▸ What you should do
Nothing but the records, copied exactly and stripped of pictures, should be in the answer.

** Opening Available data block **

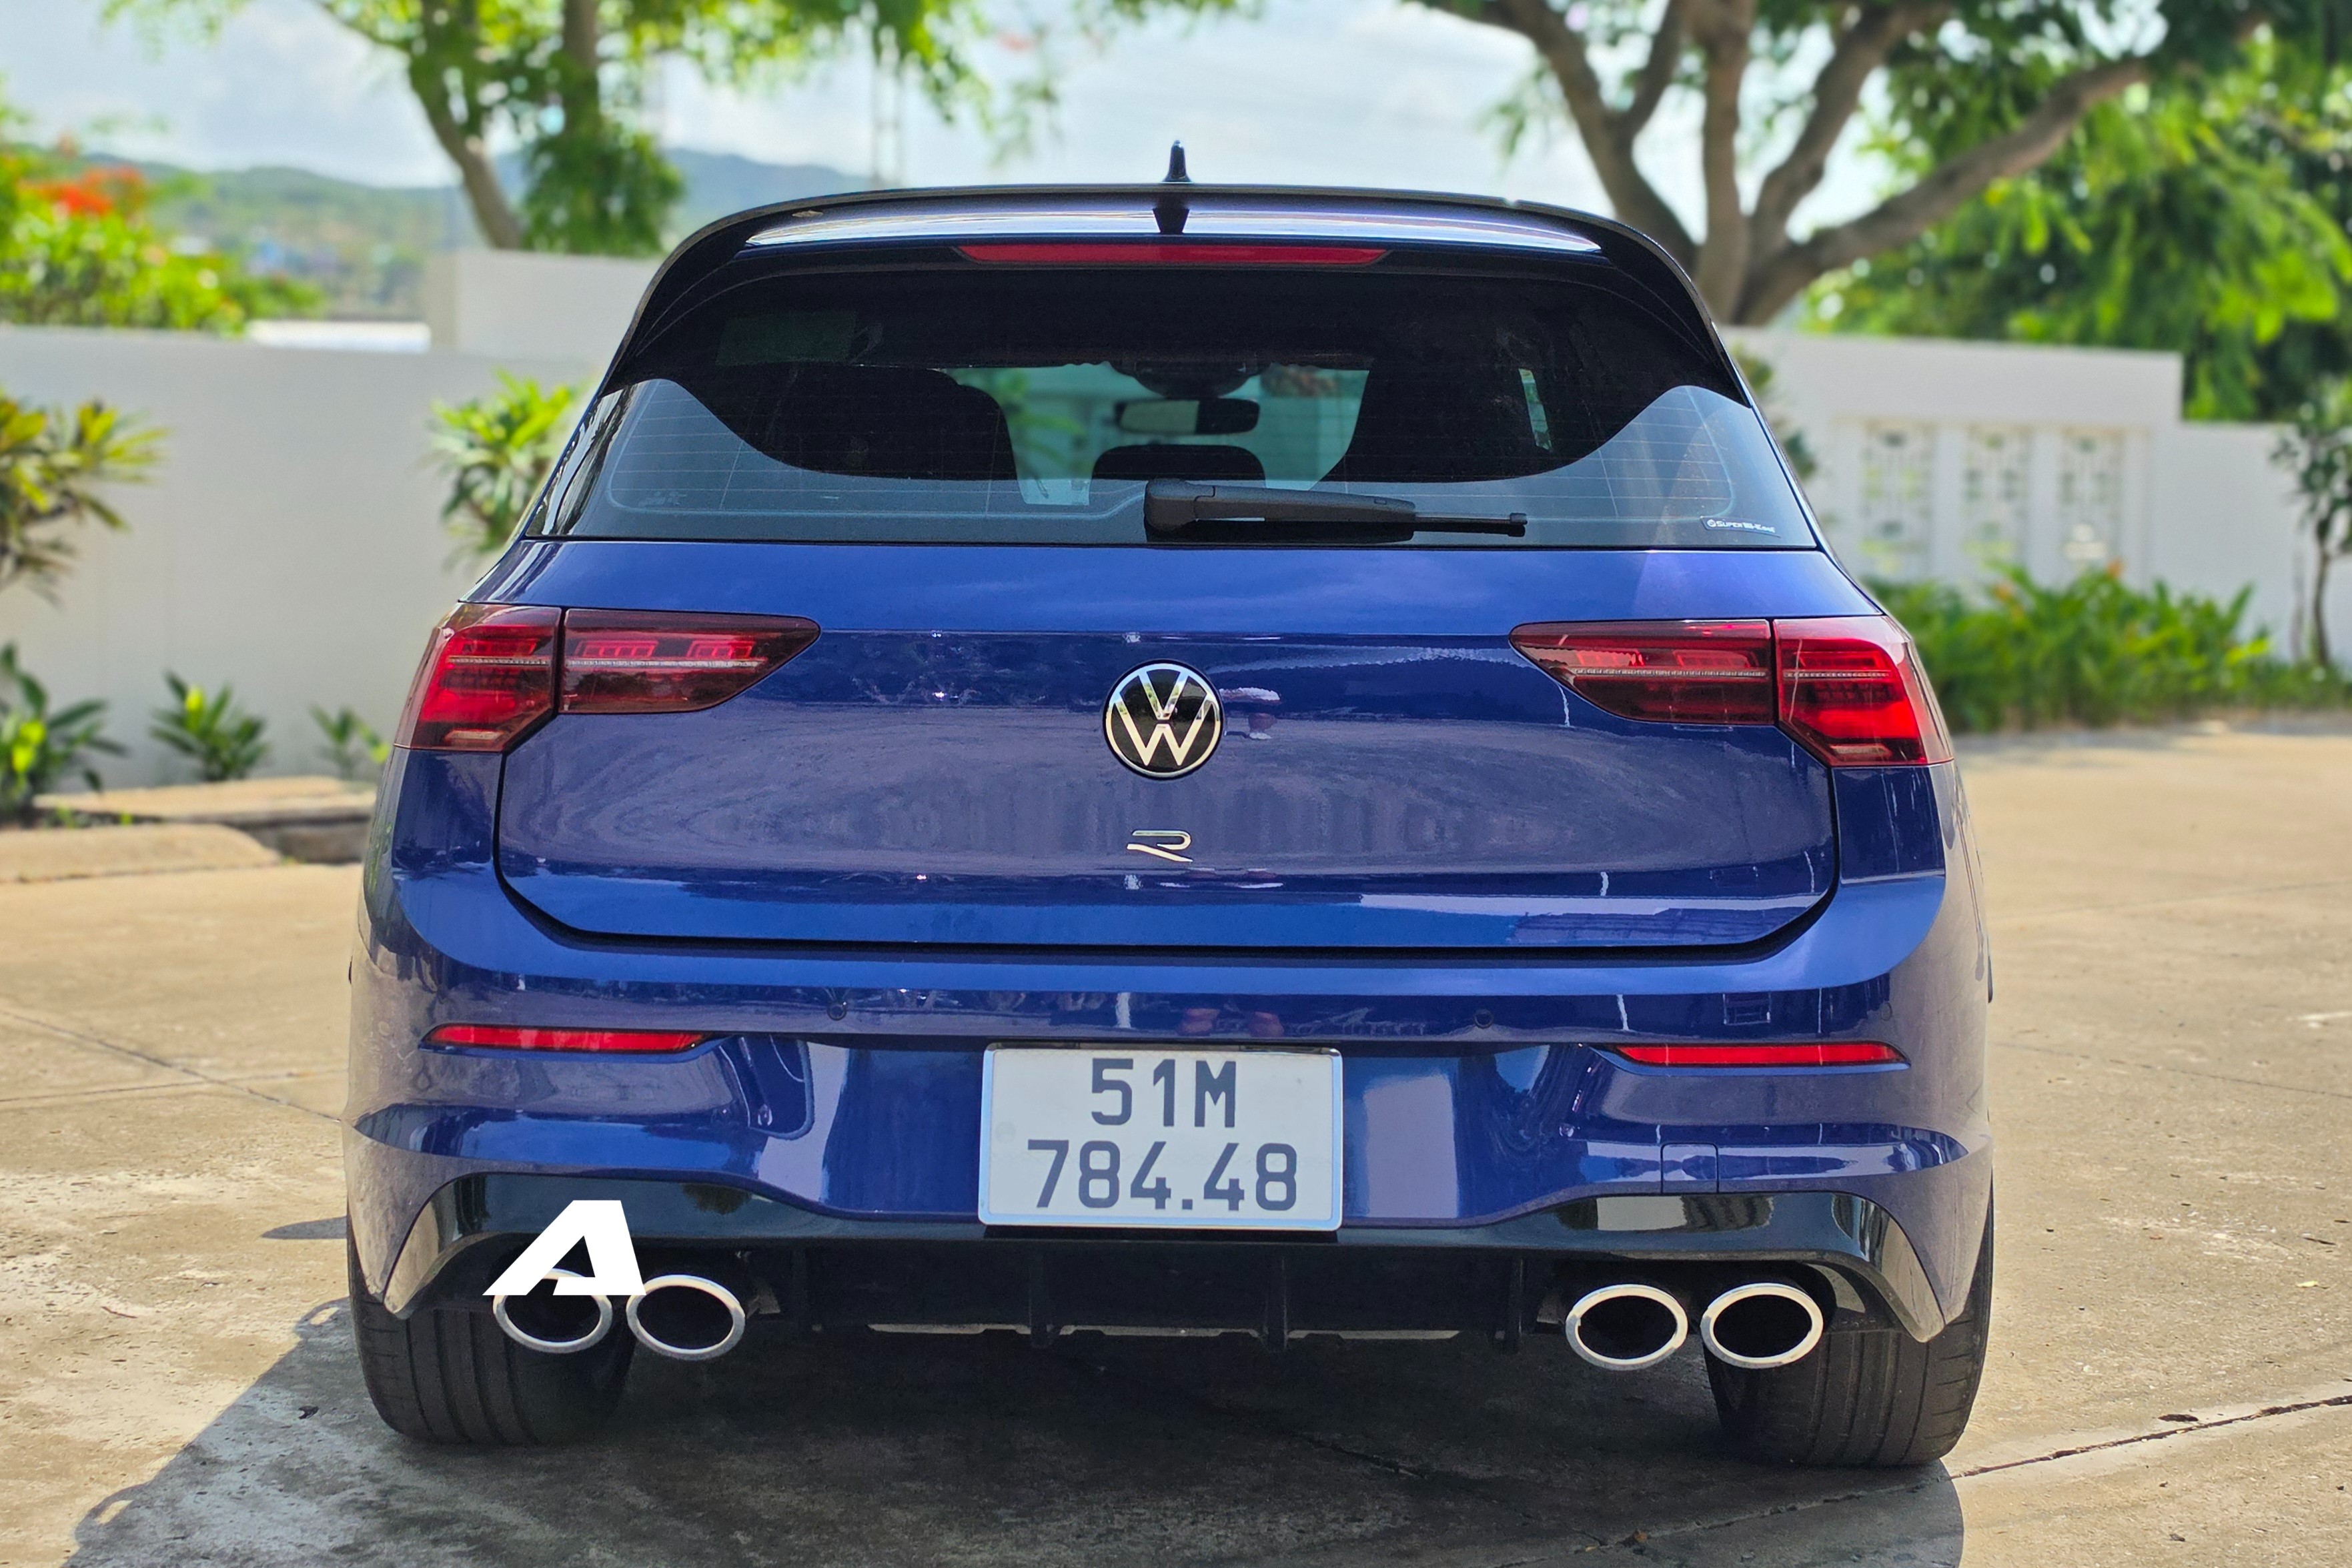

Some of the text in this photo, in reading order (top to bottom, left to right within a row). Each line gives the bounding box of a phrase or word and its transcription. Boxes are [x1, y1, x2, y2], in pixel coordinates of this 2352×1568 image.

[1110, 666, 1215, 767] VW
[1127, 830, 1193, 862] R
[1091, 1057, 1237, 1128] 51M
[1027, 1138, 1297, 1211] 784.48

** Closing Available data block **

▸ Answer to this exercise
Some of the text in this photo, in reading order (top to bottom, left to right within a row). Each line gives the bounding box of a phrase or word and its transcription. Boxes are [x1, y1, x2, y2], in pixel coordinates of this 2352×1568 image.

[1110, 666, 1215, 767] VW
[1127, 830, 1193, 862] R
[1091, 1057, 1237, 1128] 51M
[1027, 1138, 1297, 1211] 784.48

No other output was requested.